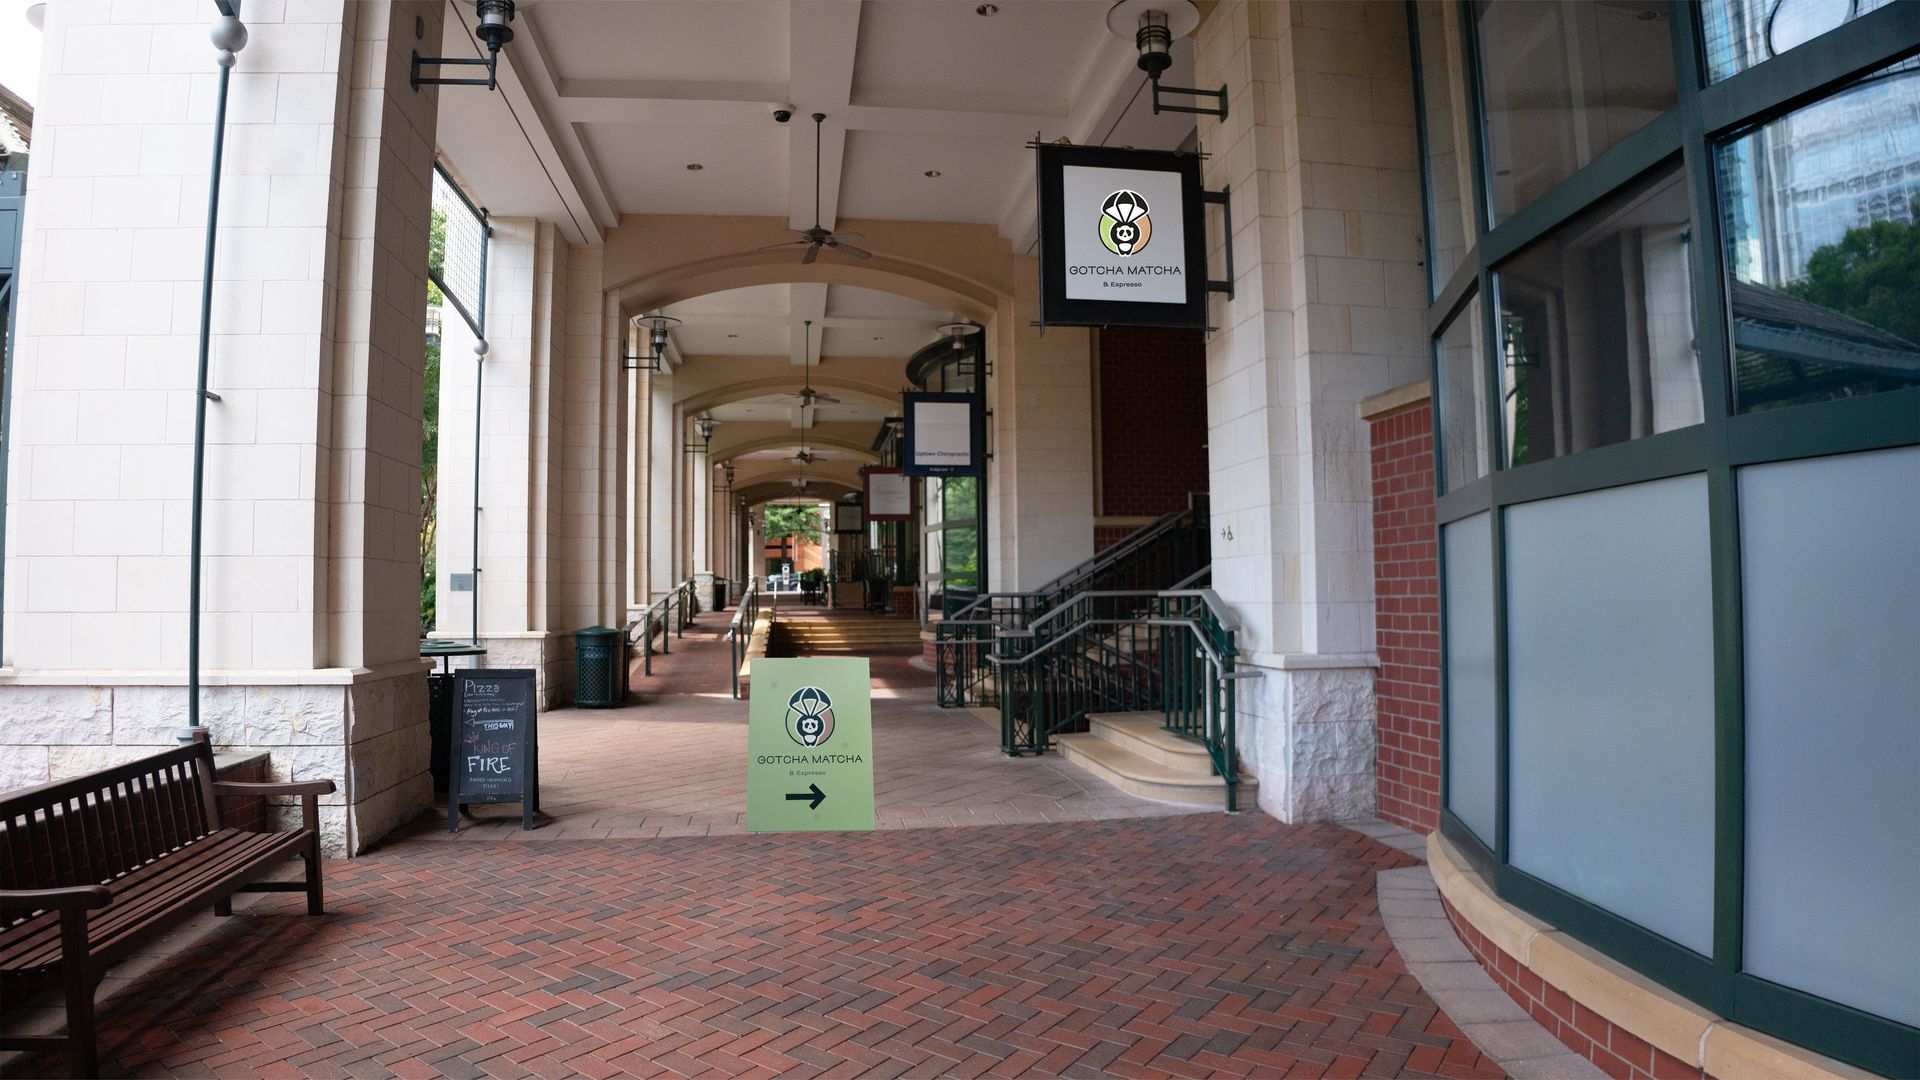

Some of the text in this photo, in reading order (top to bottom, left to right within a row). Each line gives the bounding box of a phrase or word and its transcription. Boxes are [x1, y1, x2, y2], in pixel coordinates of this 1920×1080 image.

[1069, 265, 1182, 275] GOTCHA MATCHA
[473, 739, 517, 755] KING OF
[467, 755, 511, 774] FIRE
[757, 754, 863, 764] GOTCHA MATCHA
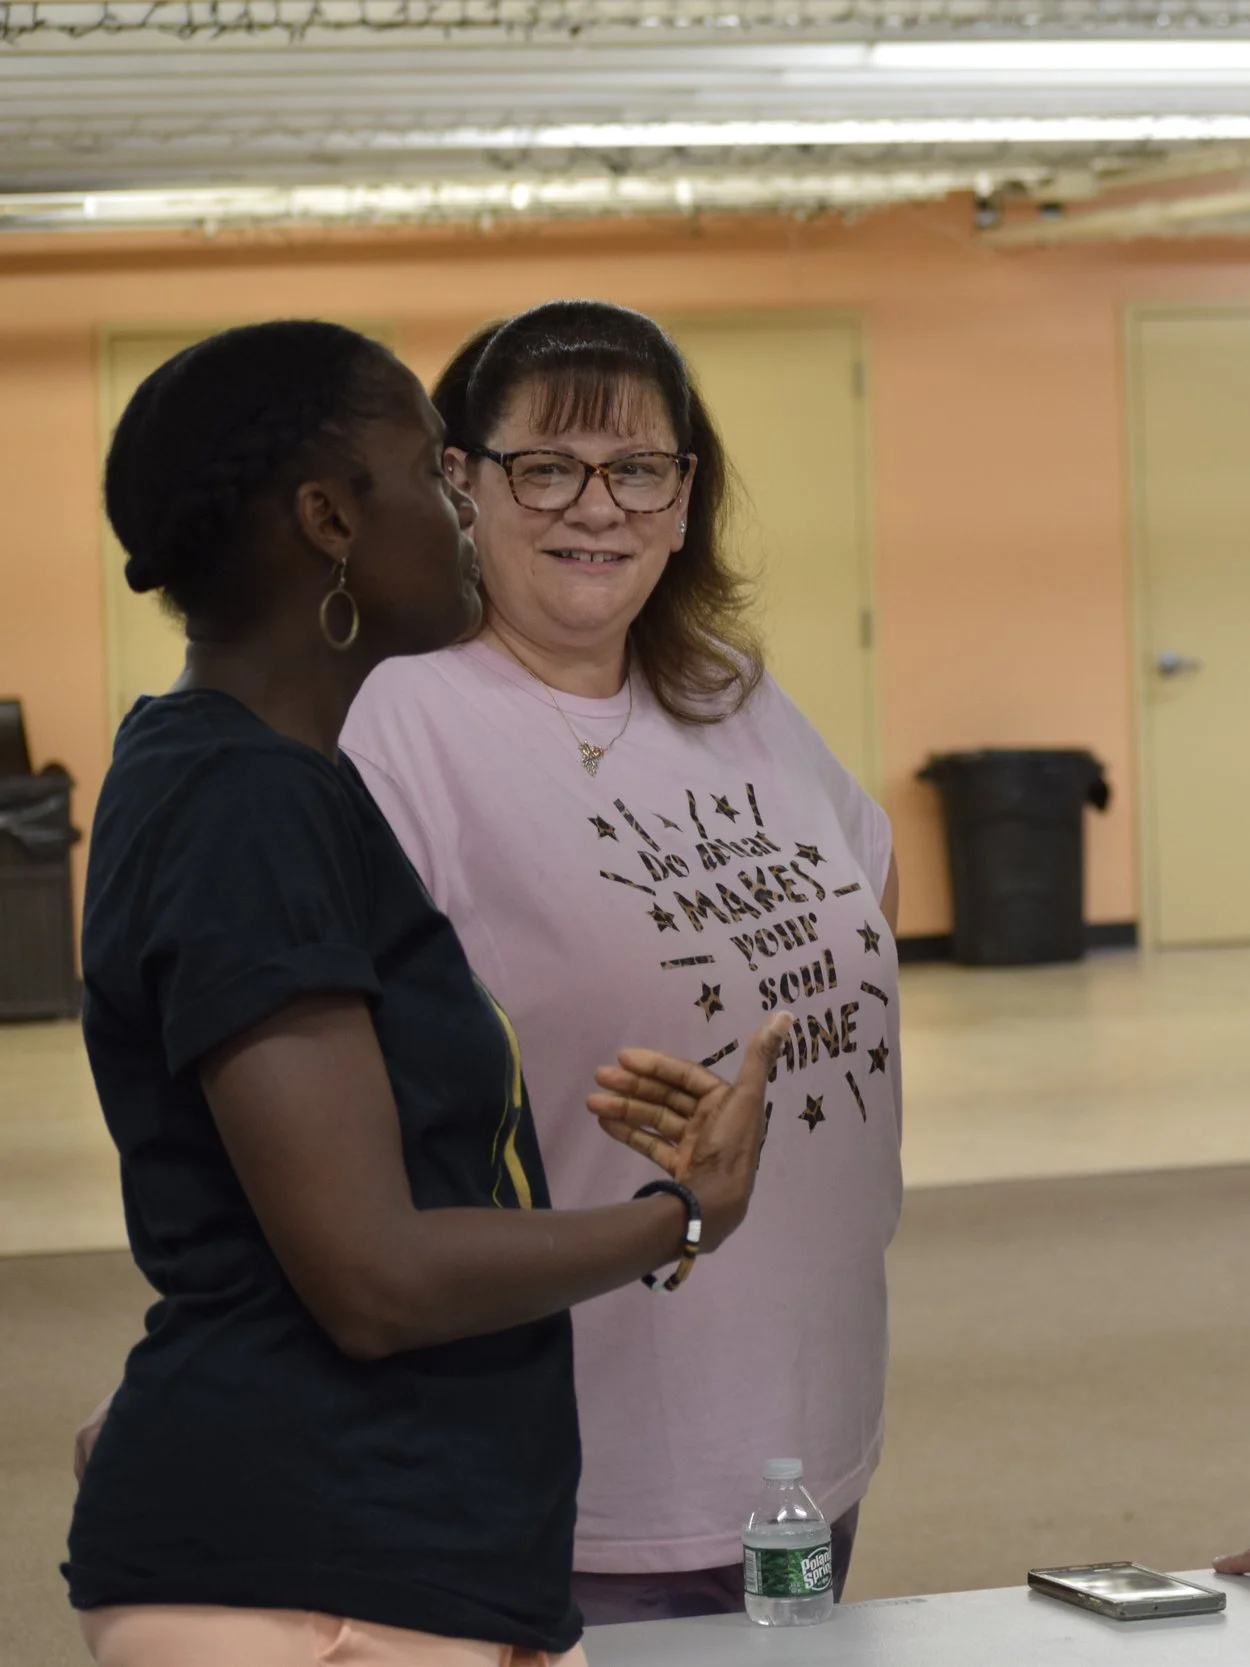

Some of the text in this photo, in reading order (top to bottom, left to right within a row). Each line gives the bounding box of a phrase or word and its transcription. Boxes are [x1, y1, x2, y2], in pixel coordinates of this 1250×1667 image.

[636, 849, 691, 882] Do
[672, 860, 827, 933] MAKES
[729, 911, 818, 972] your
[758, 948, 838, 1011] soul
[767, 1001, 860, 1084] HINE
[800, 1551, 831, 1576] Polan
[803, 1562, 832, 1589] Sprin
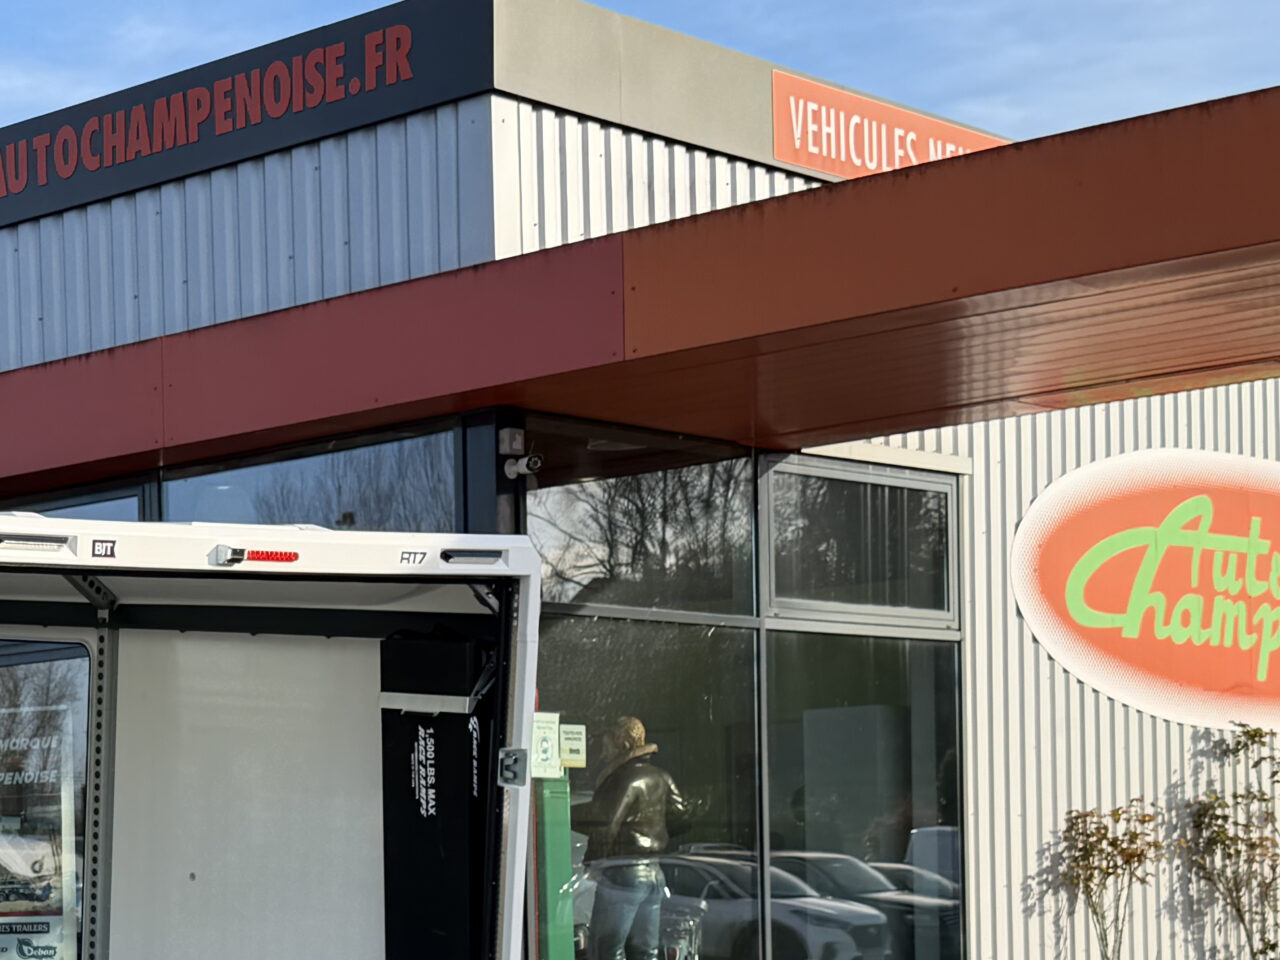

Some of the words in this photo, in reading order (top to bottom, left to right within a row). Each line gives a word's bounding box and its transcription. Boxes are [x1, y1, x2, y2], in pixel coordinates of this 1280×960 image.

==*==

Task to carry out:
Would you write out all of the data exactly as it stands, without the pictures?

Answer section:
Some of the text in this photo, in reading order (top to bottom, left to right within a row). Each line gives the bounding box of a phrase or word and its transcription. Boxes are [x1, y1, x2, y2], in pixel coordinates of this 1920×1080 image.

[1069, 265, 1182, 275] GOTCHA MATCHA
[473, 739, 517, 755] KING OF
[467, 755, 511, 774] FIRE
[757, 754, 863, 764] GOTCHA MATCHA

Some of the text in this photo, in reading order (top to bottom, left to right within a row). Each line gives the bounding box of a phrase or word and its transcription. Boxes are [x1, y1, x2, y2], in pixel coordinates of this 1250×1667 image.

[636, 849, 691, 882] Do
[672, 860, 827, 933] MAKES
[729, 911, 818, 972] your
[758, 948, 838, 1011] soul
[767, 1001, 860, 1084] HINE
[800, 1551, 831, 1576] Polan
[803, 1562, 832, 1589] Sprin

Some of the words in this photo, in reading order (top to bottom, left to right within a row). Each line gives a word's bounding box and its transcription. Boxes are [x1, y1, x2, y2], in pixel coordinates of this 1280×960 image.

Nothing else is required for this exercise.